Nasza Loteria NaM - pasek na kartach artykułów

Rudniki: Mali ekolodzy mają głos

Ewa Kowalska
Ewa Kowalska
Spokojne na co dzień uliczki gdańskiej dzielnicy Rudniki, we wtorkowe popołudnie opanowały dzieci, nawołujące do dbania o środowisko.

W ramach obchodów Międzynarodowego Dnia Sprzątania Świata, w Szkole Podstawowej nr 29 w Gdańsku Rudnikach, odbył się finał akcji, której hasło przewodnie brzmiało: Wspomóżmy środowisko - zadbajmy o czystość.

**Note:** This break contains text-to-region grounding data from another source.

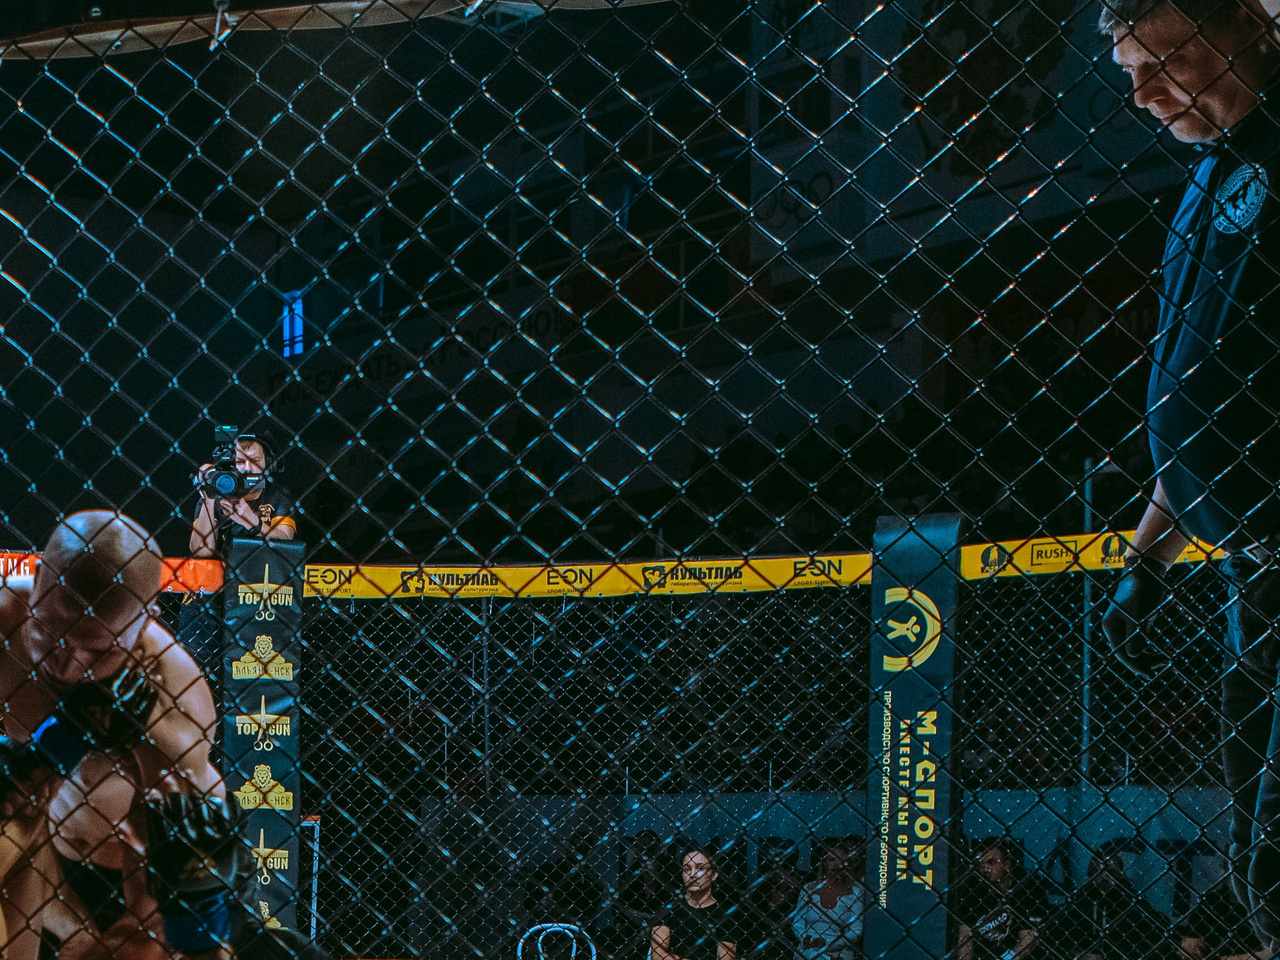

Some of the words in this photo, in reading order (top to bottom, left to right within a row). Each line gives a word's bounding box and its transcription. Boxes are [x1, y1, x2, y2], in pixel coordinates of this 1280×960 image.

[238, 592, 261, 605] TOP
[270, 593, 293, 606] GUN
[236, 723, 259, 736] TOP
[268, 724, 291, 736] GUN
[911, 710, 938, 891] М-СПОРТ
[266, 857, 289, 870] GUN

Od początku września nauczycielki ze szkoły zachęcały dzieci do proekologicznej aktywności, a dzisiejszy happening był manifestacją solidarności lokalnej społeczności ze środowiskiem. Miałam ogromną przyjemność oglądać uśmiechnięte twarze maluchów, obserwować zaangażowanie starszych dzieci, a przede wszystkim cieszyć się radością grona pedagogicznego. Dzieciom towarzyszyło liczne grono rodziców, a kolorowy pochód budził ciekawość i uśmiech mieszkańców. Było głośno, wesoło i kolorowo. Nad całością czuwała Straż Miejska i policja.

Trzy odsłony konkursowej akcji

Pierwszy etap konkursu nosił tytuł „Segreguję odpady w moim domu” i zachęcał dzieci do przynoszenia do szkoły surowców wtórnych - makulatury, puszek aluminiowych, butelek plastikowych i nakrętek do nich. Ponieważ stawką w konkursie był wyjazd jednej z klas do Zielonej Szkoły, dzieci z wielkim zaangażowaniem przystąpiły do rywalizacji.

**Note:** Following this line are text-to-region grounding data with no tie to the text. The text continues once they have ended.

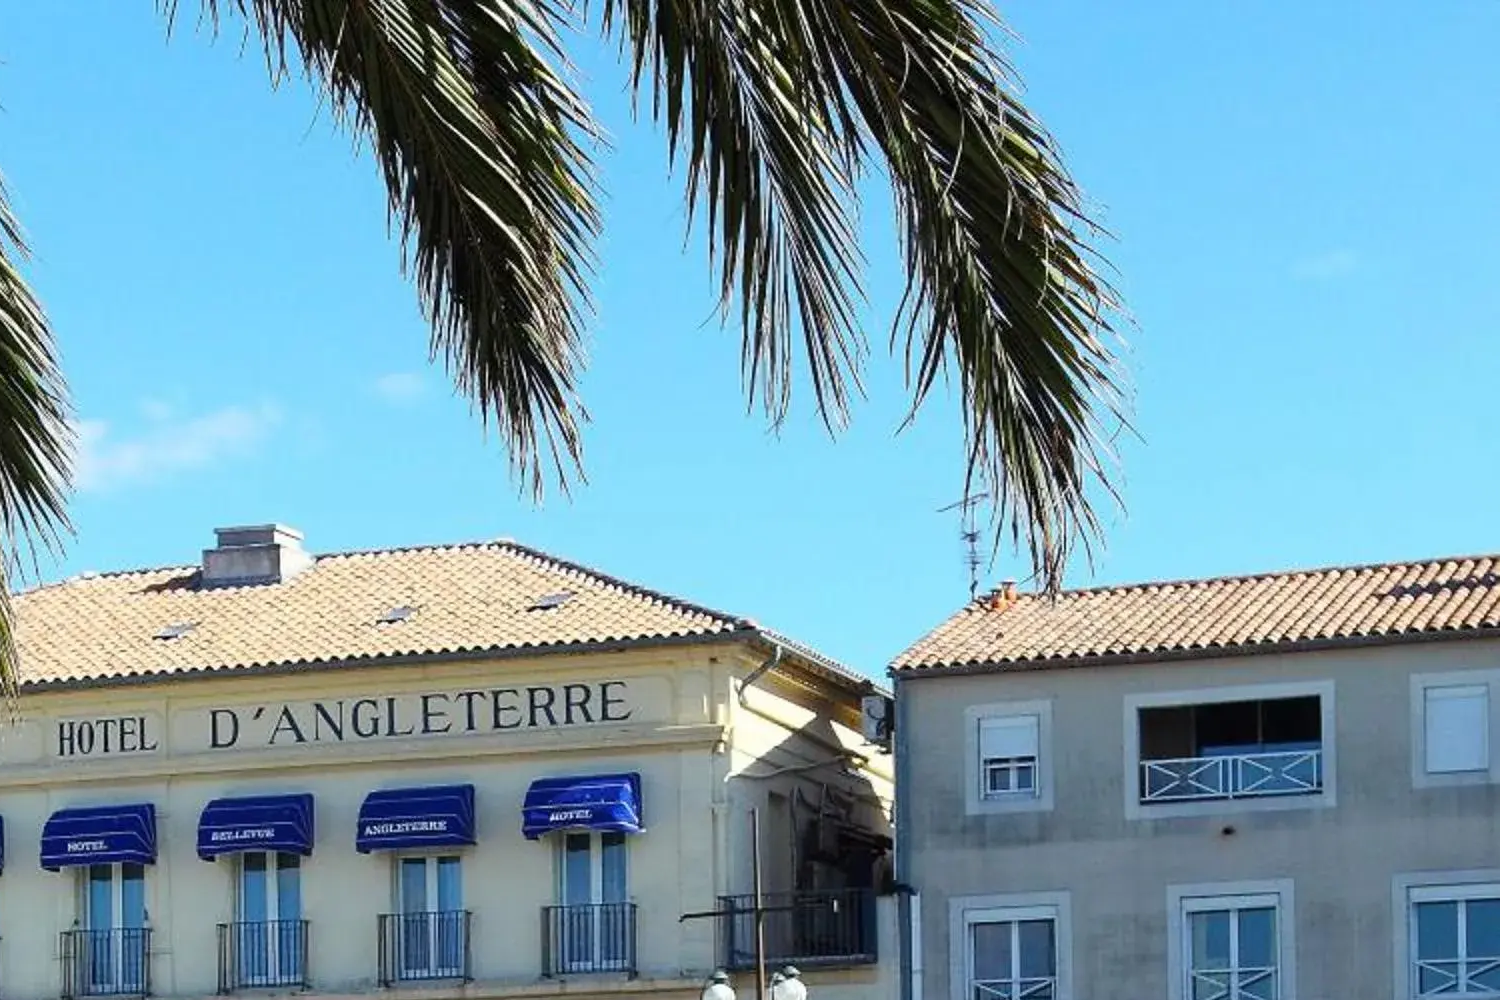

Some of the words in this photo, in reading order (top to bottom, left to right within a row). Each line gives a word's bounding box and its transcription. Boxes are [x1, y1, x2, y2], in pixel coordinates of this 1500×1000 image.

[209, 680, 632, 750] D'ANGLETERRE
[57, 716, 158, 756] HOTEL
[549, 808, 594, 822] HOTEL
[211, 827, 276, 842] BELLEVUE
[364, 819, 448, 836] ANGLETERRE
[67, 839, 109, 852] HOTEL

Kolejny etap rozgrywał się wokół szkoły przy ul. Miałki Szlak i w całej dzielnicy Rudniki. Zaopatrzone w rękawice dzieci zbierały do worków śmieci i pieliły klomby. W ten sposób uporządkowana została część ul. Elbląskiej wraz z nasypem, ulice Miałki Szlak, Sitowie, Tarniny, Tarcice i Gdańskiego Kolejarza.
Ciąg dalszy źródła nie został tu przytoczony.